Isto não é novo, nem do século XVIII. Na verdade, tudo começa com o nascimento do companheirismo. Sabemos que na Idade Média, as primeiras fraternidades eram de natureza religiosa. As guildas ou corporações de ofício se formavam em torno de um “patrão”, isto é um santo padroeiro que, segundo a tradição, tinha trabalhado na profissão.
Essas irmandades rivalizavam em poder ao financiar dentro da igreja ou catedral, capelas finamente decoradas, mas o seu verdadeiro papel era auxílio fraterno, socorro às viúvas, órfãos e ajuda aos feridos no canteiro de obras. A Igreja rapidamente condenou essas irmandades, vendo nelas rivais de sua onipotência.
As razões políticas para a excomunhão
No início do século XVIII, quando as Luzes fazem nascer ideias de liberdade que sacodem o jugo de uma religião de Estado, a Maçonaria especulativa que se espalha preocupa a Igreja; para os bispos é uma heresia, mas para o papado, uma conspiração.
Na verdade, ela tem, desde 756, um estado que lhe entregou Pepino, rei dos francos, quando de sua vitória sobre os Lombardos. Trata-se do “Patrimônio de São Pedro.” Ao longo dos séculos, ele cresceu e no século XVIII, os Estados da Igreja são grandes: eles são limitado a norte pelos pequenos ducados de Parma e Modena, a oeste pelo Grão-Ducado da Toscana, ambos sob a influência austríaca, enquanto que ao sul o Reino das Duas Sicílias fica próximo da coroa espanhola. O poder dos Papas sendo tanto temporal quanto espiritual, eles tentam aumentar sua influência e subjugar os movimentos clandestinos que comprometem seu domínio.

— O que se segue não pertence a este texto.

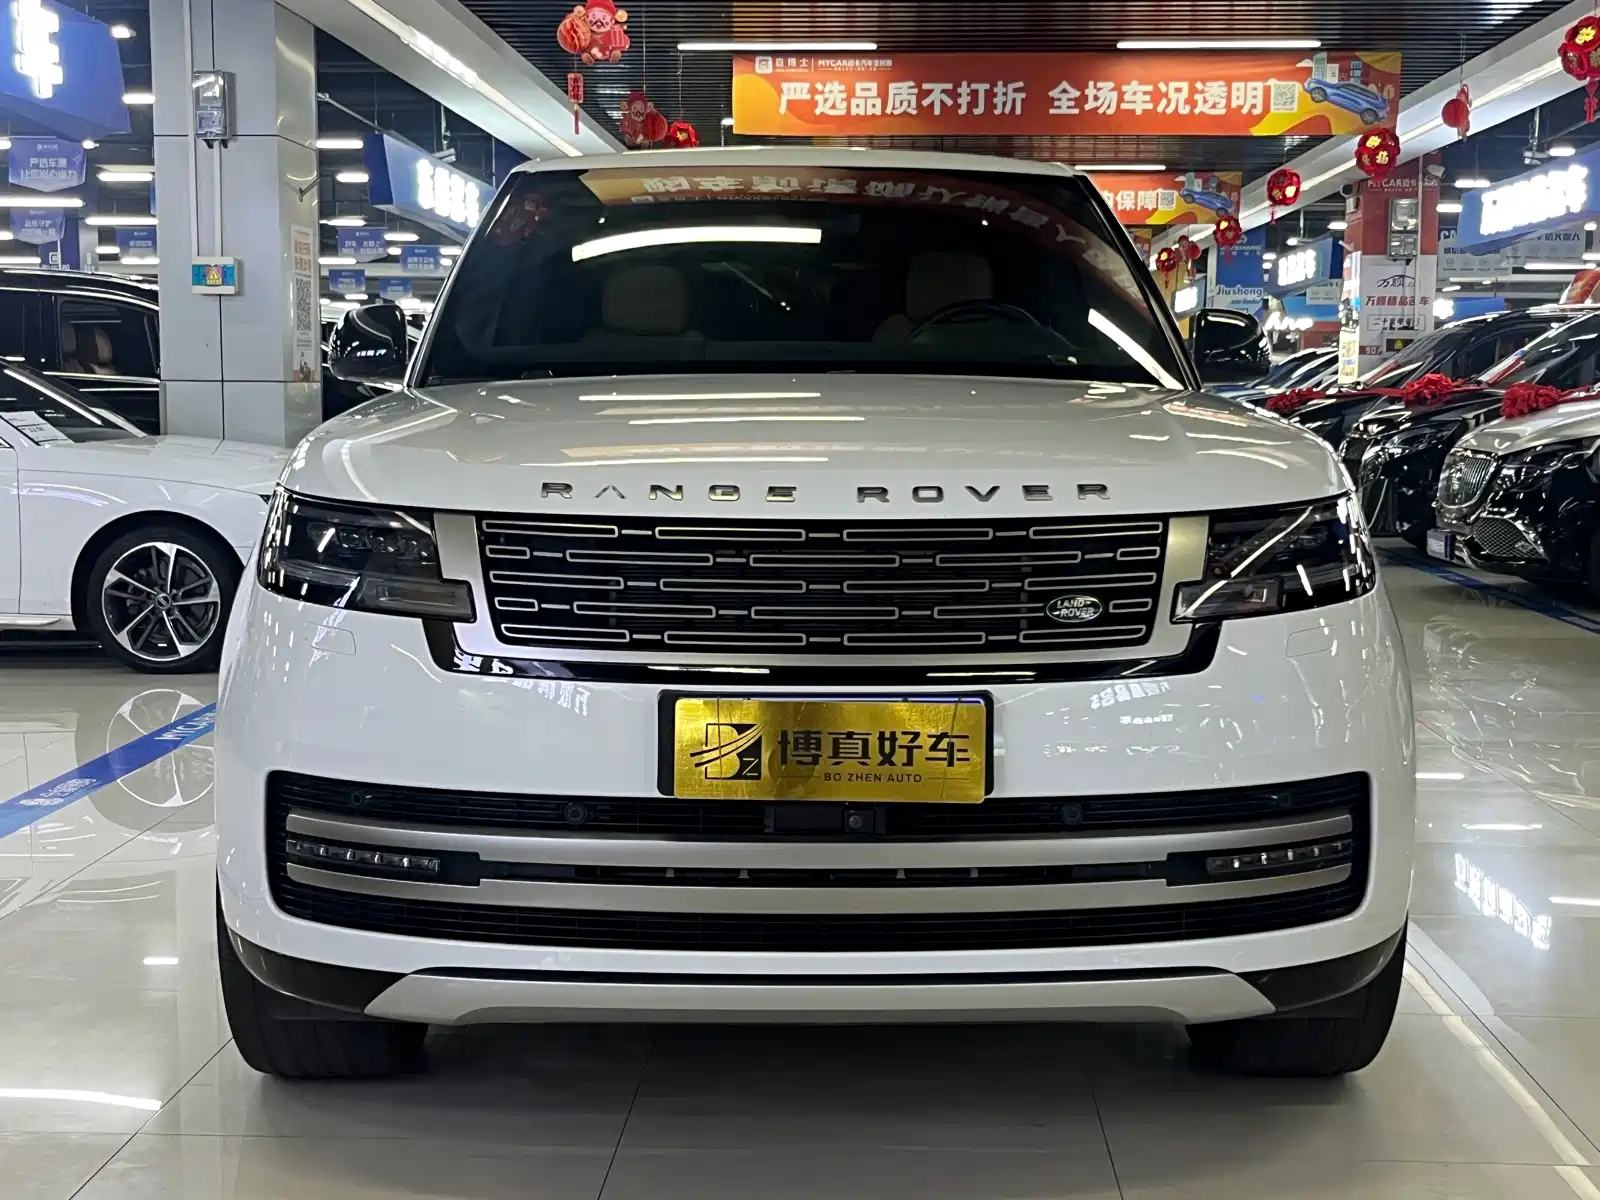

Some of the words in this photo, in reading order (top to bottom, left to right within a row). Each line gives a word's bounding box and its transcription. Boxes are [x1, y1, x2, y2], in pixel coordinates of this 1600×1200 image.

[779, 80, 1026, 116] 严选品质不打折
[1048, 80, 1265, 116] 全场车况透明
[540, 481, 797, 503] RANGE
[856, 483, 1111, 504] ROVER
[1057, 599, 1085, 609] LAND
[1059, 607, 1095, 618] ROVER
[777, 729, 972, 768] 博真好车
[824, 772, 842, 783] BO
[847, 773, 881, 783] ZHEN
[887, 773, 923, 783] AUTO
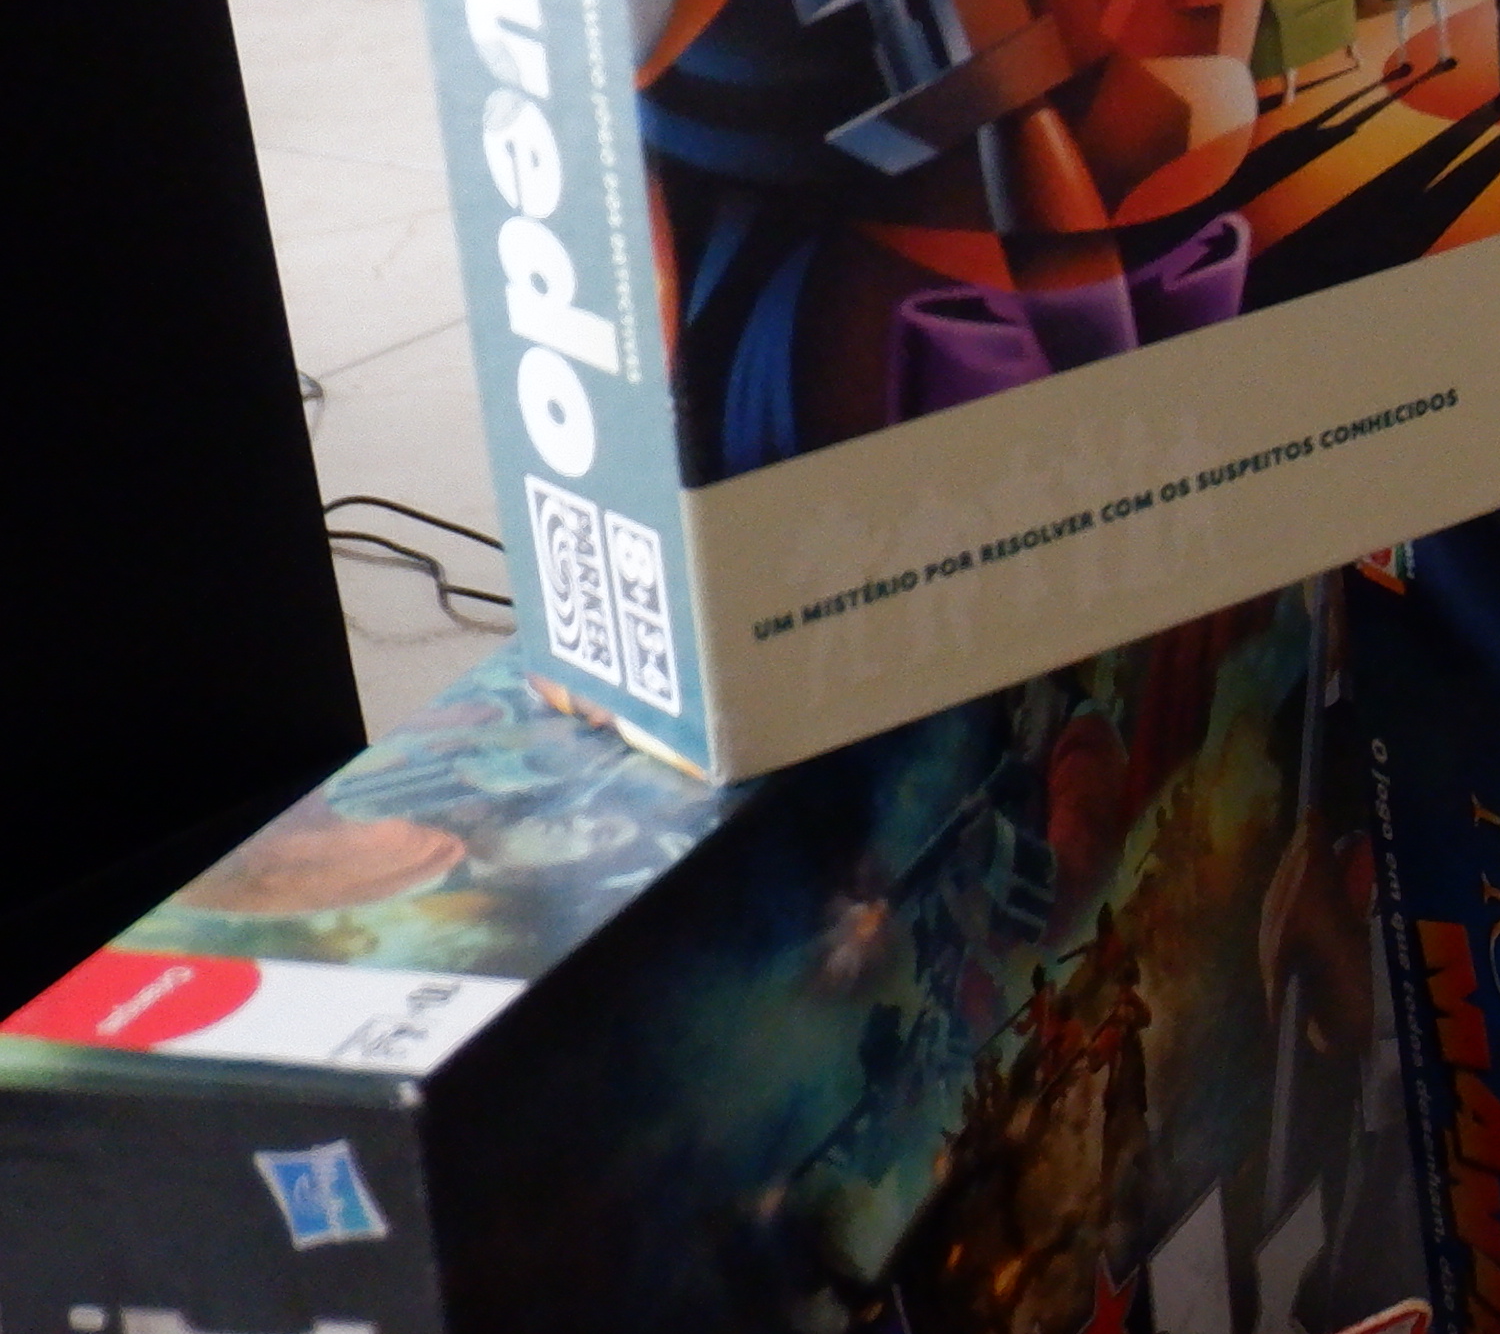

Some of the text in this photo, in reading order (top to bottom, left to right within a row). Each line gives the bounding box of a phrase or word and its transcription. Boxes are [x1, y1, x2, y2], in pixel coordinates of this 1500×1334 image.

[752, 387, 1459, 643] UM MISTÉRIO POR RESOLVER COM OS SUSPEITOS CONHECIDOS
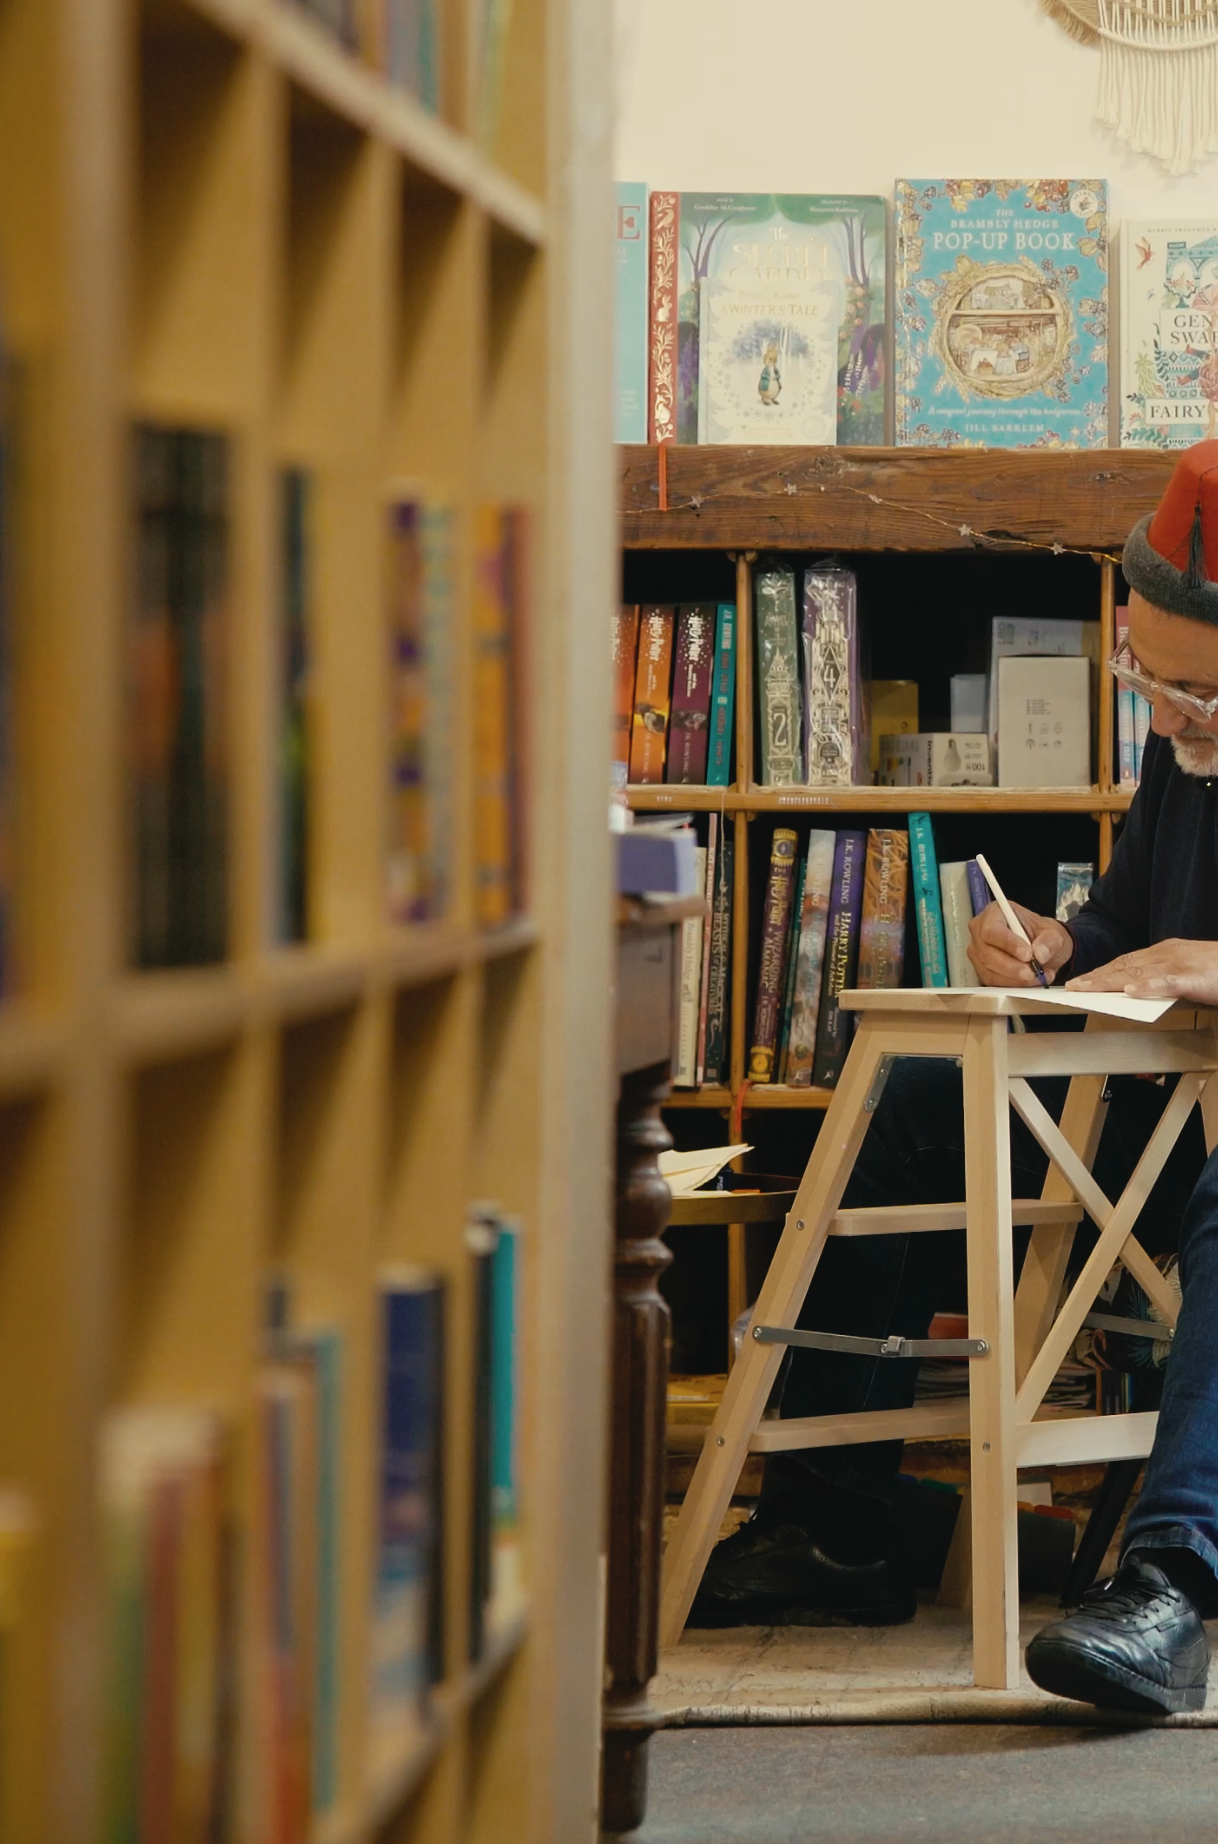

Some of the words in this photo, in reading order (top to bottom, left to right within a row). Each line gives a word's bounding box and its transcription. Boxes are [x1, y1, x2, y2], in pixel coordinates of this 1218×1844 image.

Assim, Clemente XII não hesita em fulminar, em 28 de abril de 1738, a Bula In Eminenti condenando uma organização que ele não conhecia, mas que lhe parecia sediciosa. E a Bula declarava traiçoeiramente: “Se suas ações fossem irrepreensíveis, eles não se ocultariam tão cuidadosamente da luz. “
Conforme demonstrou o Padre Ferrer Benimeli, examinando os arquivos secretos do Vaticano, as verdadeiras razões dessa excomunhão são políticas. Trata-se menos de evitar “os grandes males que surgem no ordinário dessas associações sempre prejudiciais para a tranquilidade do Estado e a salvação das almas” que de devolver ao Grande Inquisidor de Florença, Paolo Ambrogio Ambrogi, a vantagem sobre os tribunais civis.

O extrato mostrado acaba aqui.